3.5. Prognostic Utilities of Models Using Risk Factors for NIV Failure
The Harrell C-index was used to compare different combinations of factors, and pneumonia status, in terms of NIV failure prediction. Model I included only pneumonia; Model II included pneumonia and heart rate; and Model III included pneumonia, PaCO2 level, and heart rate. Model I predicted NIV failure poorly (C-index AUC: 0.639; 95% CI: 0.534–0.744). Models II and III were slightly better (Model II: 0.744; Model III: 0.816). The differences in the AUCs of Models II and III (compared to that of Model I) were significant (Model II: p = 0.025; Model III: p = 0.001) (Table 5).
Table 5.
Prognostic utilities of models using risk factors for noninvasive ventilation failure.
| Models | C-Index | 95% CI | p-Value * | p-Value † |
|---|---|---|---|---|
| I | 0.639 | 0.534–0.744 | Reference | |
| II | 0.744 | 0.630–0.859 | 0.025 | Reference |
| III | 0.816 | 0.715–0.917 | 0.001 | 0.052 |
Model I included only the presence of pneumonia. Model II included the presence of pneumonia and Heart rate (beats/min) after NIV. Model III included the presence of pneumonia, PaCO2 (mmHg) after NIV, and heart rate (beats/min) after NIV. *, p-value for the difference in the AUCs compared to Model I, †, p-value for comparison between Model II and Model III.
Therefore, not only pneumonia status, but also a vital sign (heart rate) and arterial blood gas status (PaCO2) between 30 min and 2 h after NIV commencement, should be considered when predicting NIV failure.

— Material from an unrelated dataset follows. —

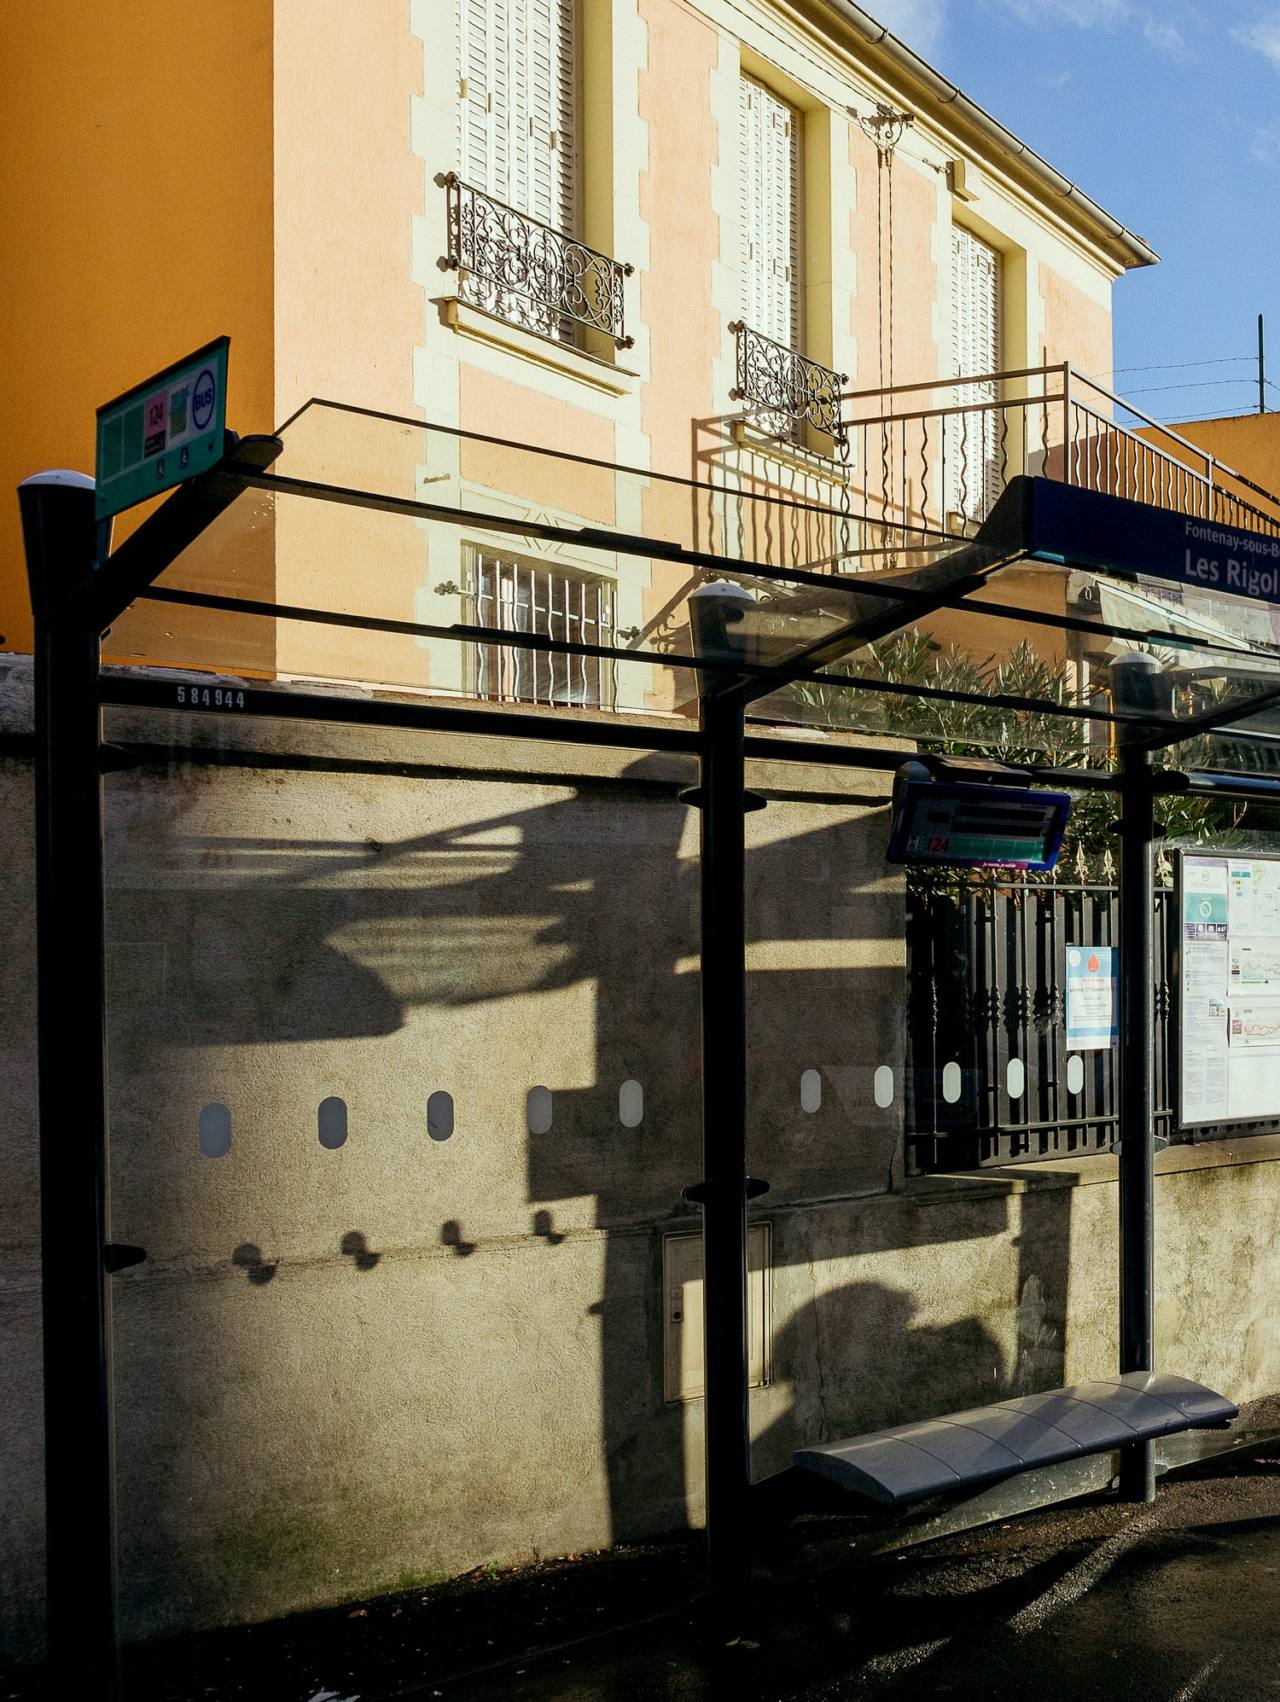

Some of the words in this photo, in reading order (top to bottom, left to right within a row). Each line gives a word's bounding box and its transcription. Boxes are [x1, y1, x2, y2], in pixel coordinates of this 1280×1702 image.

3.6. Changes in Physiological Parameters after NIV Commencement
We collected arterial blood gas and vital sign data before NIV and between 30 min and 2 h after NIV commencement (Table 6). Patients for whom NIV was successful exhibited significantly improved heart rates and arterial pH and PaCO2 levels after NIV application. Patients for whom NIV failed evidenced a significantly improved PaCO2 level only. Therefore, patients without marked clinical improvement in both vital signs and arterial blood gas values 30–120 min after NIV commencement are at risk of NIV failure.
Table 6.
Changes in physiological parameters after NIV commencement.
| Variables | NIV Application (n = 78) | p-Value | |
|---|---|---|---|
| NIV Success (n = 46) | Before | After | |
| Systolic blood pressure(mmHg) | 123 (106–142) | 117 (104–129) | 0.056 |
| Heart rate (beats/min) | 92 (82–106) | 89 (75–97) | 0.007 |
| Respiratory rate (breaths/min) | 24 (20–28) | 22 (19–25) | 0.298 |
| Arterial pH | 7.34 (7.29–7.38) | 7.37 (7.30–7.43) | <0.001 |
| PaO2/FiO2 ratio | 214 (142–270) | 233 (179–271) | 0.298 |
| PaCO2 (mmHg) | 69 (59–83) | 63 (51–75) | <0.001 |
| NIV failure (n = 32) | |||
| Systolic blood pressure(mmHg) | 126 (112–150) | 126 (107–145) | 0.462 |
| Heart rate (beats/min) | 107 (85–117) | 97 (89–114) | 0.296 |
| Respiratory rate (breaths/min) | 27 (23–32) | 24 (21–28) | 0.159 |
| Arterial pH | 7.34 (7.27–7.43) | 7.36 (7.31–7.43) | 0.082 |
| PaO2/FiO2 ratio | 199 (100–259) | 212 (120–280) | 0.247 |
| PaCO2 (mmHg) | 53 (43–68) | 48 (39–66) | 0.005 |
Abbreviations: NIV, non-invasive ventilation; PaO2, arterial partial pressure of oxygen; FiO2, fraction of inspired oxygen; PaCO2, arterial partial pressure of carbon dioxide. Data are presented as median (25th percentile–75th percentile). The Wilcoxon signed-rank test was used to determine NIV effect for physiologic parameters and laboratory parameters after NIV application.
4. Discussion
We explored whether NIV was appropriate for elderly patients with pneumonia, defined factors that independently predicted NIV failure, and built an optimal model for prediction of such failure. Pneumonia was associated with NIV failure, but the presence of pneumonia alone did not predict such failure well (C-index AUC: 0.639; 95% CI: 0.534–0.744). Therefore, NIV is not contraindicated by pneumonia alone. Improvement of heart rate and PaCO2 level measured within 2 h after NIV commencement should be considered when determining if NIV should be continued or if intubation is preferable.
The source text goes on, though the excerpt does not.